§ **WHAT TO WORK ON**: Exclude the images and repeat all remaining entries exactly.

§ **DATA TO EXAMINE**:
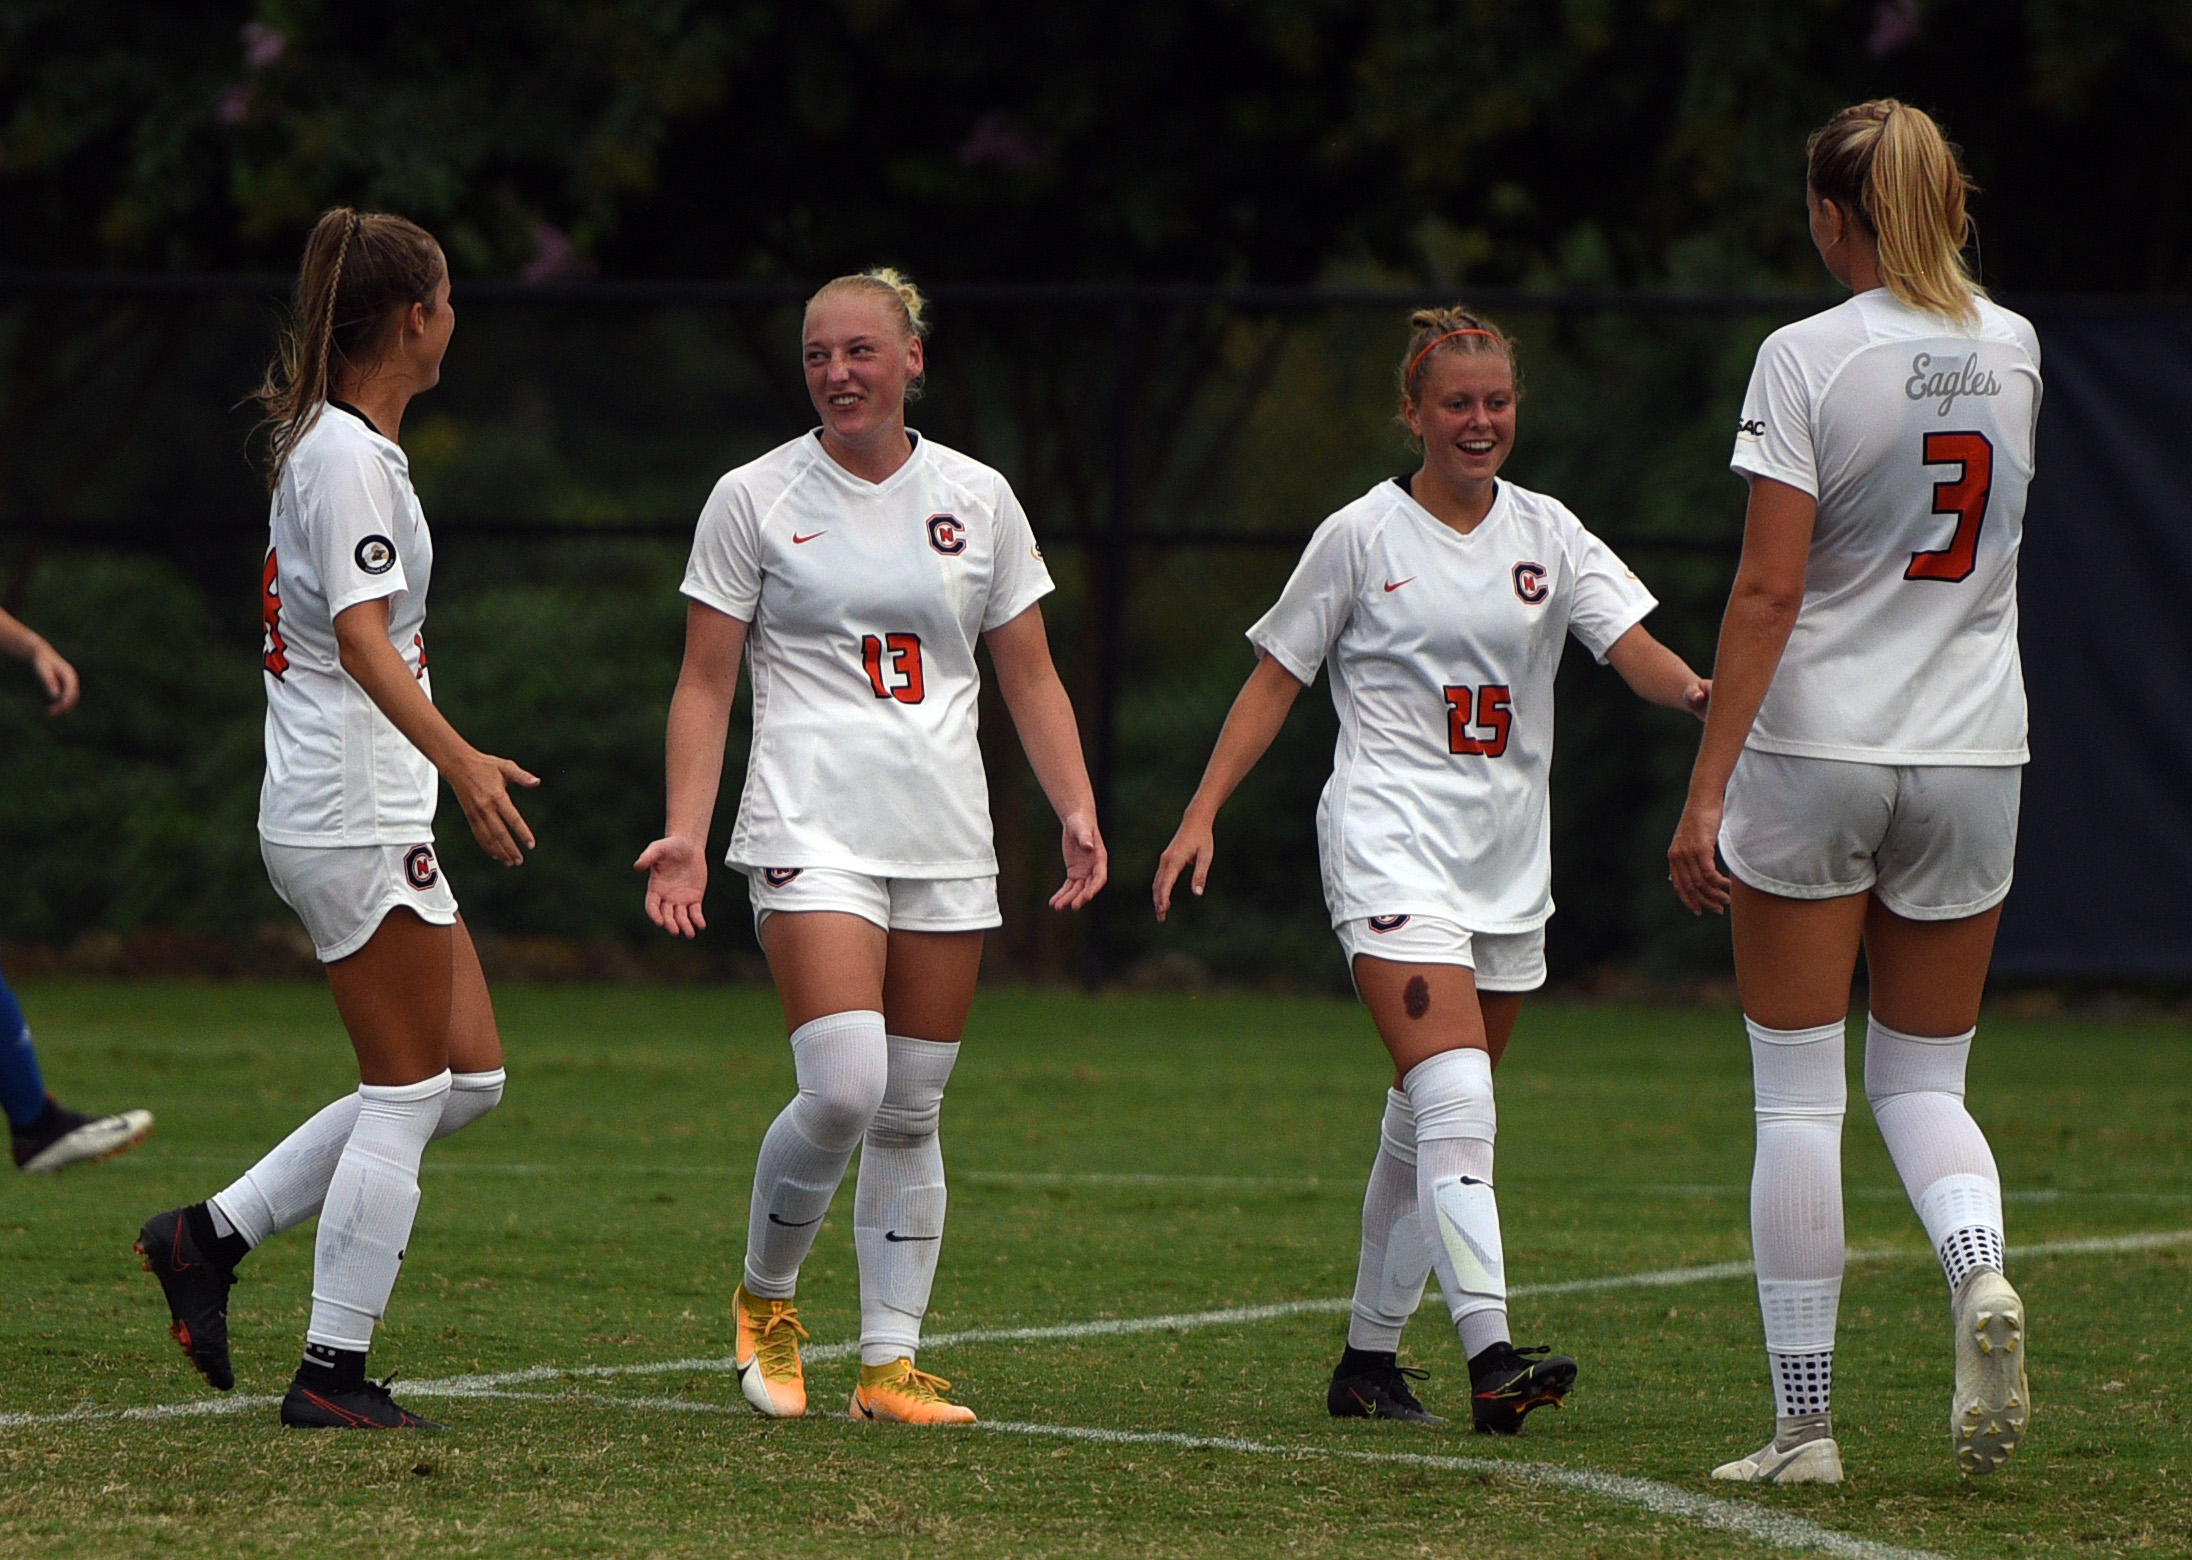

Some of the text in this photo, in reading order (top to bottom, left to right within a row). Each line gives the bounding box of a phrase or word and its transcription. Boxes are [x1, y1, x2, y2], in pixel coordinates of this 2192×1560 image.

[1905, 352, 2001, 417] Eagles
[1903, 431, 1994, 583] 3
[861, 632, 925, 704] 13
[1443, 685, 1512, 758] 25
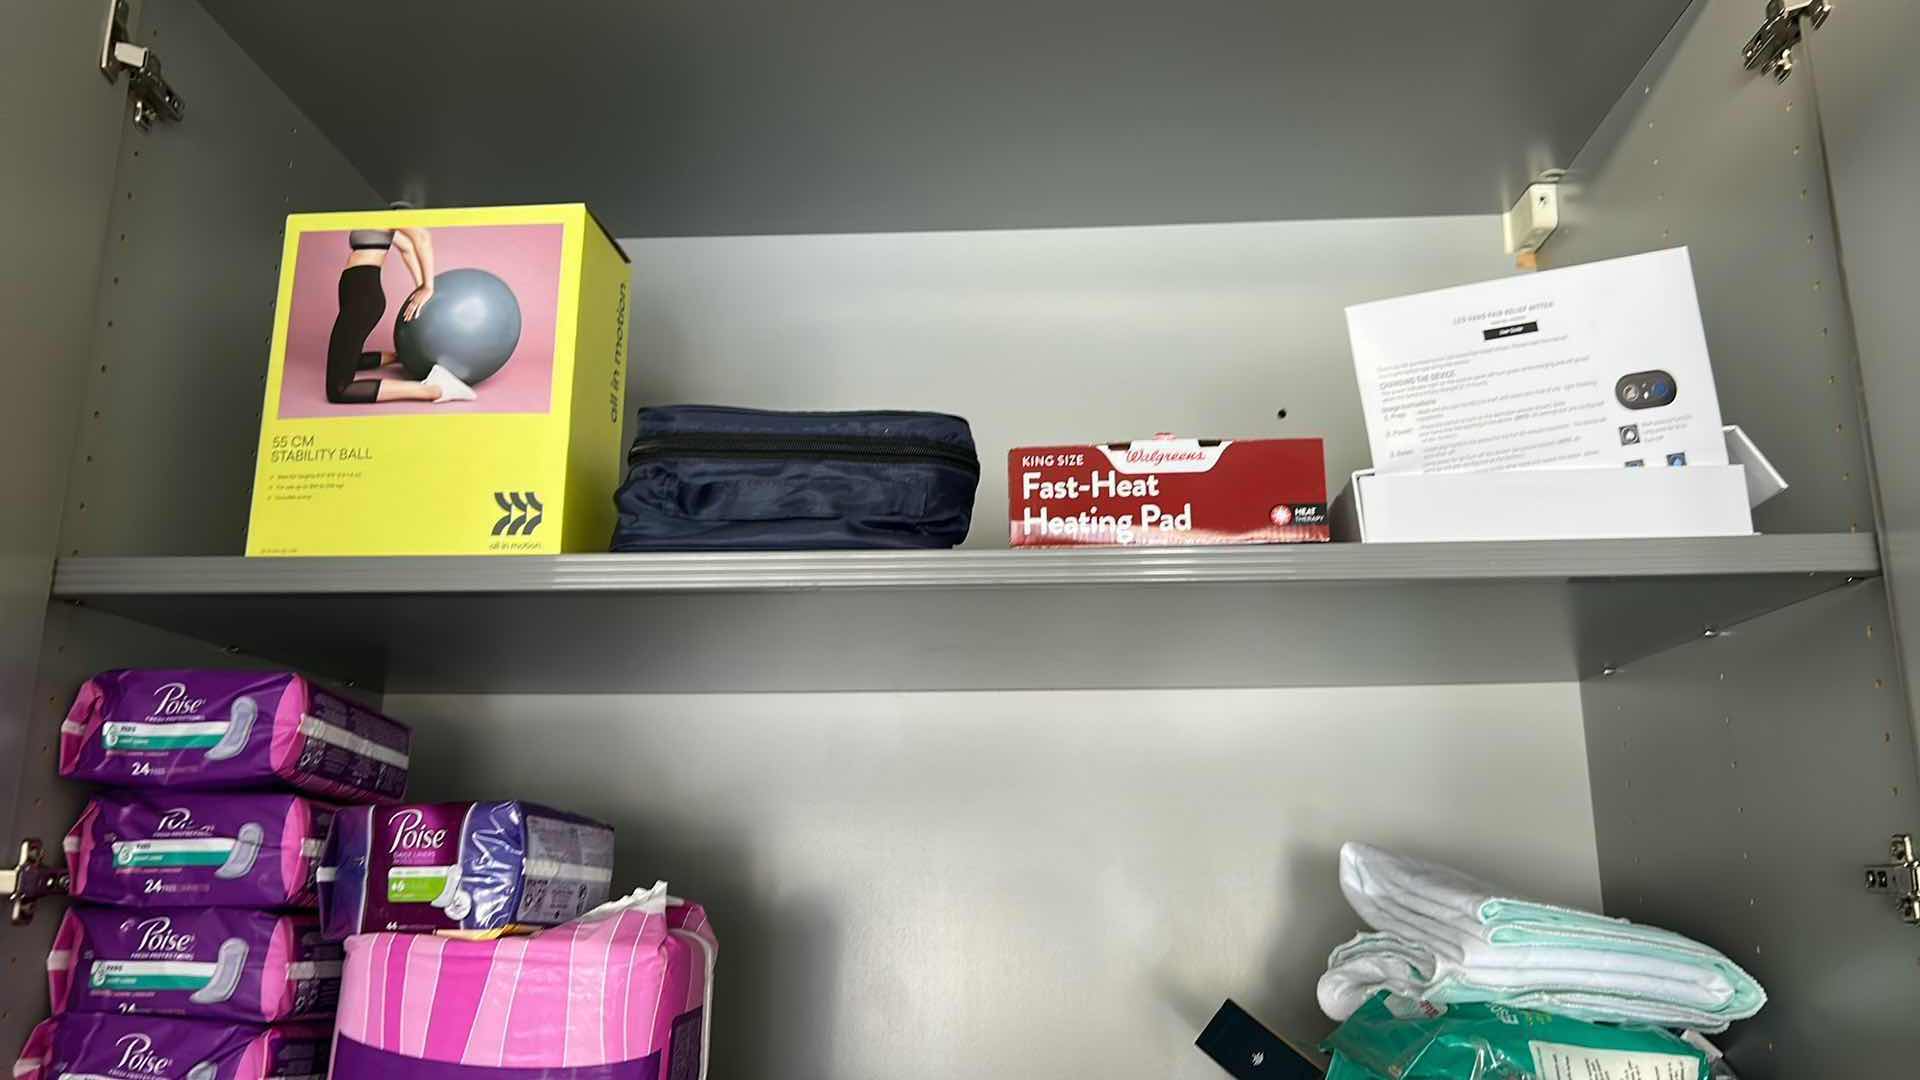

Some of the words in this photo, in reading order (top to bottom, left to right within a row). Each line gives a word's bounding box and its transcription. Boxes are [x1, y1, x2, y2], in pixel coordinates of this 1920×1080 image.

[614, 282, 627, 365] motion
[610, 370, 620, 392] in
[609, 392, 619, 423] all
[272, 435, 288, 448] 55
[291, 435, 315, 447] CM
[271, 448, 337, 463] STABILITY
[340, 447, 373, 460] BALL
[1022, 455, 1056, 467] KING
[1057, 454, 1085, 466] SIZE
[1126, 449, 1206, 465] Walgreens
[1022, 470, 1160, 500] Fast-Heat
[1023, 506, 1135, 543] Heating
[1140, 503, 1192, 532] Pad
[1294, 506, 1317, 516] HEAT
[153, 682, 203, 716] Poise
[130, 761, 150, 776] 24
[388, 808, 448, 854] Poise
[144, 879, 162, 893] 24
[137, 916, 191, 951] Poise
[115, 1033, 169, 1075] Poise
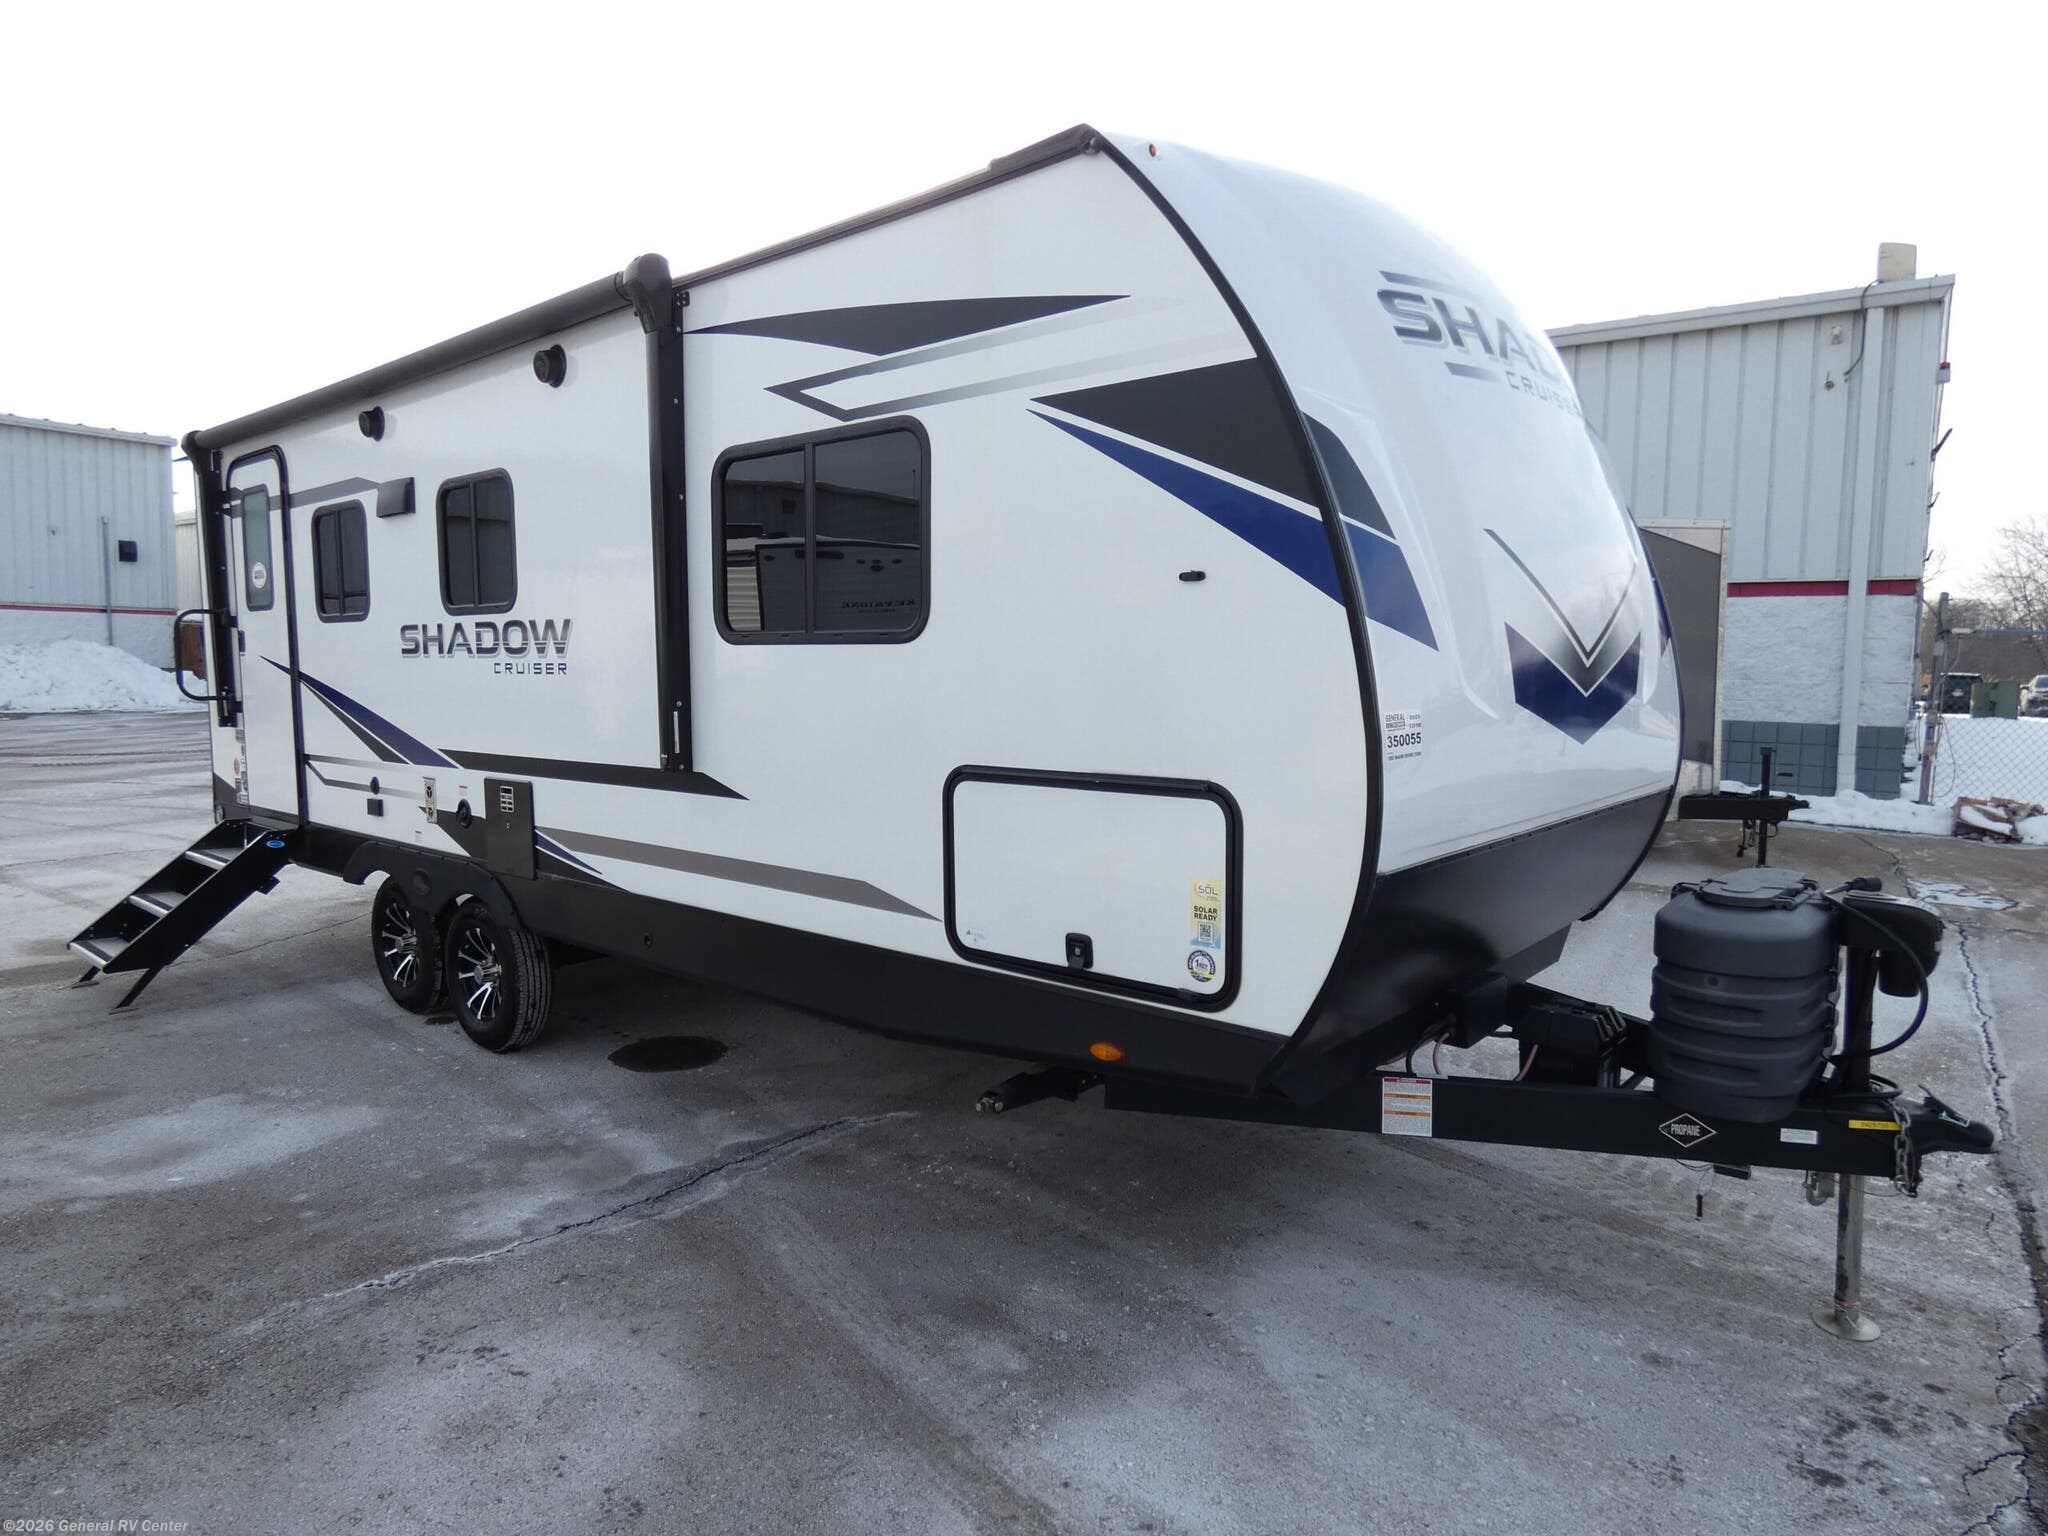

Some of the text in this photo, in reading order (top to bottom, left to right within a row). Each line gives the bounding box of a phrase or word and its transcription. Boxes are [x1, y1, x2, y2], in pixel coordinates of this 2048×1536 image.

§ **TASK RESULT**:
Some of the text in this photo, in reading order (top to bottom, left to right within a row). Each line gives the bounding box of a phrase or word and its transcription. Boxes are [x1, y1, x2, y2], in pixel coordinates of this 2192×1560 image.

[1905, 352, 2001, 417] Eagles
[1903, 431, 1994, 583] 3
[861, 632, 925, 704] 13
[1443, 685, 1512, 758] 25

Some of the words in this photo, in reading order (top to bottom, left to right within a row). Each line gives a word's bounding box and its transcription. Boxes are [x1, y1, x2, y2], in pixel coordinates of this 1920×1080 image.

[614, 282, 627, 365] motion
[610, 370, 620, 392] in
[609, 392, 619, 423] all
[272, 435, 288, 448] 55
[291, 435, 315, 447] CM
[271, 448, 337, 463] STABILITY
[340, 447, 373, 460] BALL
[1022, 455, 1056, 467] KING
[1057, 454, 1085, 466] SIZE
[1126, 449, 1206, 465] Walgreens
[1022, 470, 1160, 500] Fast-Heat
[1023, 506, 1135, 543] Heating
[1140, 503, 1192, 532] Pad
[1294, 506, 1317, 516] HEAT
[153, 682, 203, 716] Poise
[130, 761, 150, 776] 24
[388, 808, 448, 854] Poise
[144, 879, 162, 893] 24
[137, 916, 191, 951] Poise
[115, 1033, 169, 1075] Poise

Some of the text in this photo, in reading order (top to bottom, left to right within a row). Each line gives the bounding box of a phrase or word and its transcription. Boxes are [x1, y1, x2, y2], in pixel coordinates of this 2048×1536 image.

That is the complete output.